Scheduling Algorithms

Algorithm	Description
greedy	Selects the cluster with the lowest current carbon intensity
random	Randomly assigns workloads to available clusters
reservation	Plans process placement in advance using future carbon intensity forecasts (6h, 12h, 24h lookahead windows)
greedy_binpack	Prioritizes processes by power draw and deadline, then applies greedy placement

The reservation algorithm supports time-shifting, where workloads are delayed to periods with lower carbon intensity. The timepacking flag can disable time-shifting to evaluate spatial placement only.

Dataset Generation

Below are instructions for generating a CarbonSim-compatible dataset. If you prefer not to generate the dataset yourself, a pre-generated version (~100 GB) is available upon request — contact Johan Kristiansson at johan.kristiansson@ltu.se.

The simulator requires four input components:

Workloads — per-second GPU power traces
Workload Replay Logs — a predefined sequence indicating the order and timing of workload submissions
Carbon intensity traces — time-series carbon intensity data per electricity zone
Edge cluster configuration — cluster locations, GPU capacity, and associated carbon intensity files

Workload Dataset and Replay Log

Download the MIT Supercloud dataset from https://dcc.mit.edu/data. Note that the full dataset is 2.4 TB.

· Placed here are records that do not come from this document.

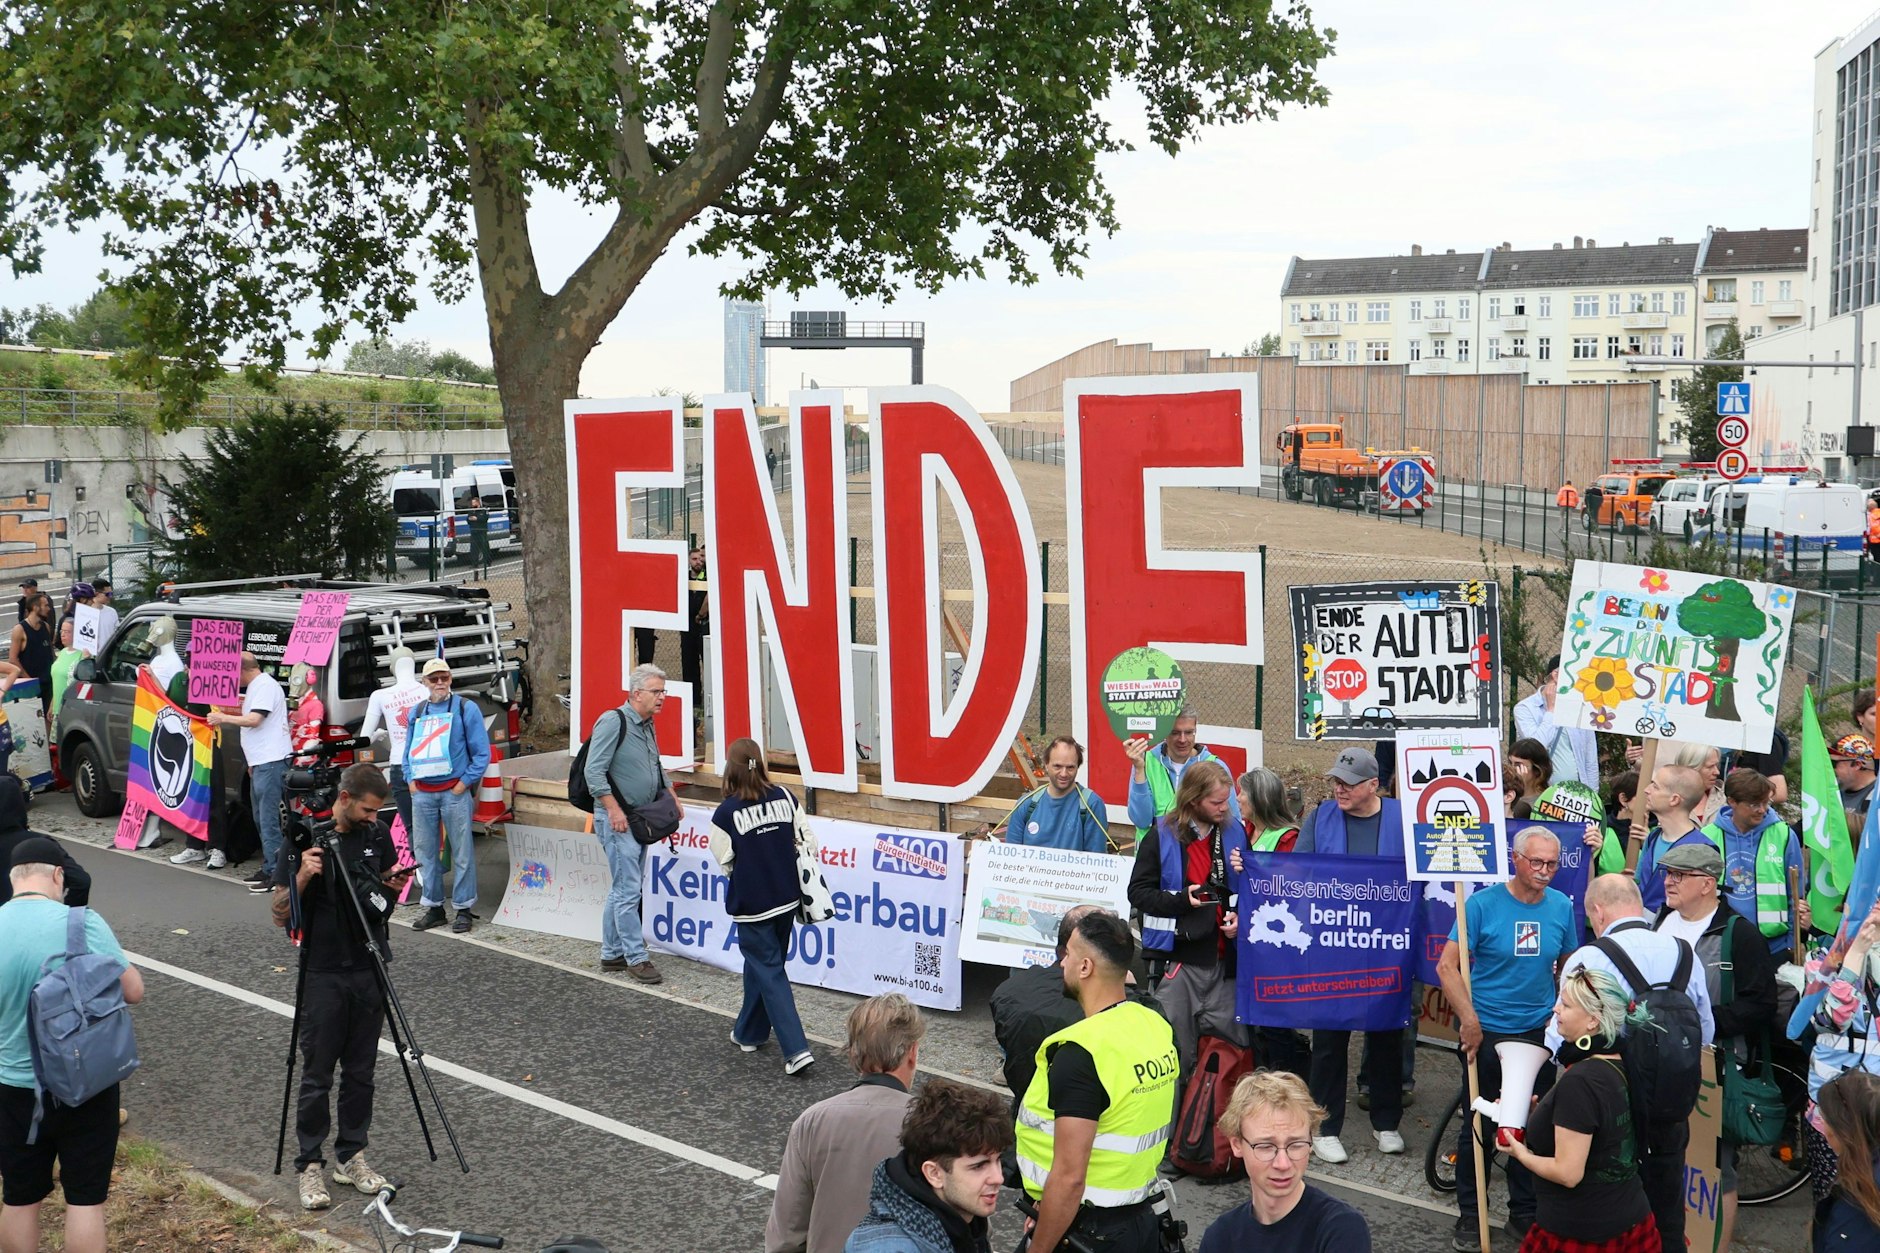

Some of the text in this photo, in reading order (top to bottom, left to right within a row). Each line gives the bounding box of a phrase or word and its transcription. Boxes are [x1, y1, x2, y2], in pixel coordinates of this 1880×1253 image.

[1725, 425, 1743, 438] 50
[304, 594, 349, 604] DAS ENDE
[564, 372, 1264, 823] ENDE
[1603, 596, 1669, 621] BEGINN
[314, 605, 333, 615] DER
[1316, 607, 1364, 628] ENDE
[196, 620, 242, 636] DAS ENDE
[293, 631, 333, 643] FREIHEIT
[1373, 607, 1469, 658] AUTO
[1636, 620, 1664, 632] DER
[194, 636, 242, 654] DROHNT
[1321, 632, 1362, 654] DER
[1594, 626, 1722, 672] ZUKUNFTS
[194, 660, 237, 672] IN UNSEREN
[191, 676, 238, 698] OHREN
[1152, 680, 1178, 688] WALD
[1326, 670, 1364, 690] STOP
[1378, 664, 1472, 706] STADT
[1634, 662, 1738, 707] STADT
[1108, 690, 1178, 700] STATT ASPHALT
[1554, 794, 1590, 814] STADT
[733, 798, 794, 836] OAKLAND
[1434, 815, 1480, 830] ENDE
[876, 836, 944, 877] A100
[878, 841, 946, 874] Bürgerinitiative
[988, 860, 1002, 868] Die
[993, 874, 1002, 882] ist
[1033, 878, 1053, 888] nicht
[1055, 882, 1084, 890] gebaut
[1086, 884, 1108, 894] wird!
[1250, 875, 1412, 902] volksentscheid
[831, 882, 946, 937] erbau
[1310, 903, 1372, 927] berlin
[654, 902, 713, 948] der
[1320, 928, 1410, 950] autofrei
[874, 972, 944, 994] www.bi-a100.de
[1262, 973, 1396, 998] jetzt unterschreiben!
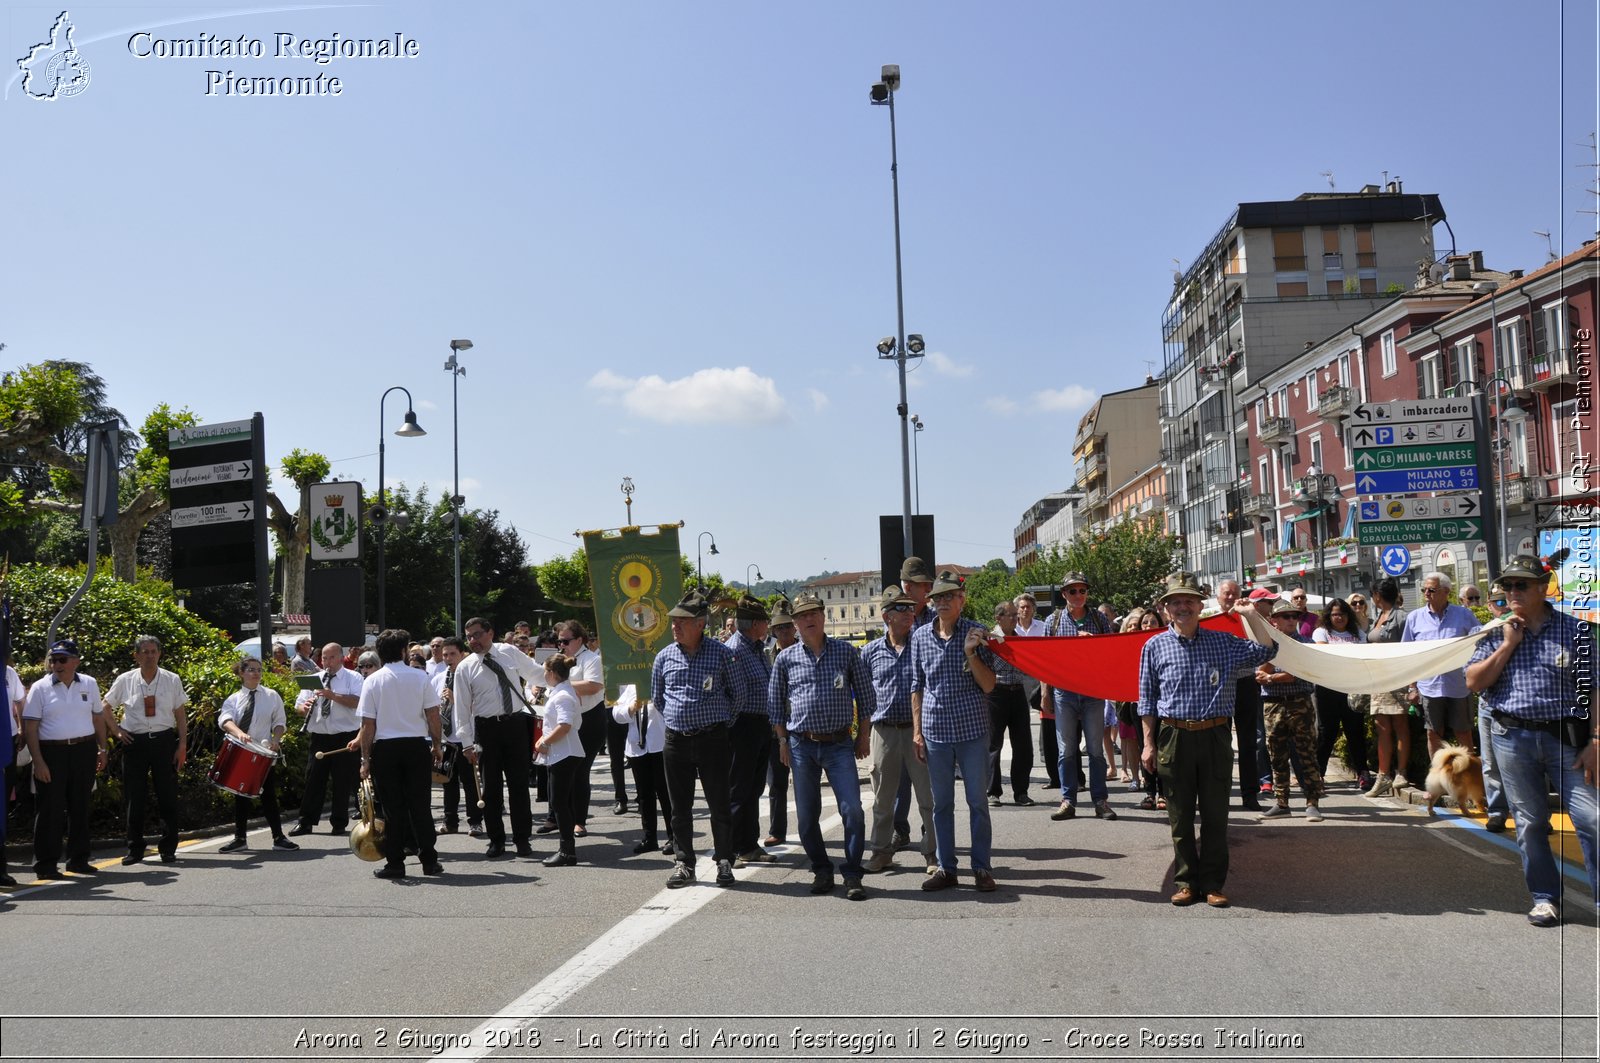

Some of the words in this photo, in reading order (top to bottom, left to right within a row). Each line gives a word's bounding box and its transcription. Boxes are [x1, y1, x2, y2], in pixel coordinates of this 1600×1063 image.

aws s3 cp s3://mit-supercloud-dataset/datacenter-challenge datacenter-challenge --recursive --no-sign-request

Run the following scripts to generate a CarbonSim-compatible dataset:

python3 ./scripts/workflows/1_generate_workloads.py
python3 ./scripts/workflows/2_filter_workflows.py
python3 ./scripts/workflows/3_resample_workloads_cvs.py
python3 ./scripts/workflows/4_generate_workload_stat.py
python3 ./scripts/workflows/5_generate_max_waittime.py
python3 ./scripts/workflows/6_generate_summary.py

Note: The scripts contain hardcoded paths that need to be updated:

slurm_csv_file_path = '/scratch/datasets/datacenter-challenge/202201/slurm-log.csv'
app_csv_file_path = '/scratch/datasets/datacenter-challenge/202201/labelled_jobids.csv'
base_dir = '/scratch/datasets/datacenter-challenge/202201/gpu'
output_dir = './workloads'

Generate a replay log:

python3 ./scripts/workflows/7_generate_log.py --wait 80 --num_logs 100 --source_directory filtered_workloads_1s --target_directory ./80_logs

The --wait parameter controls the inter-arrival time between workload submissions, sampled from an exponential distribution:

A higher value results in shorter average wait times (more frequent submissions)
A lower value leads to longer intervals between jobs

Carbon Intensity Dataset

Use the script scripts/carbon/1_fetch_co2_data.py to fetch carbon intensity time-series data from ElectricityMap.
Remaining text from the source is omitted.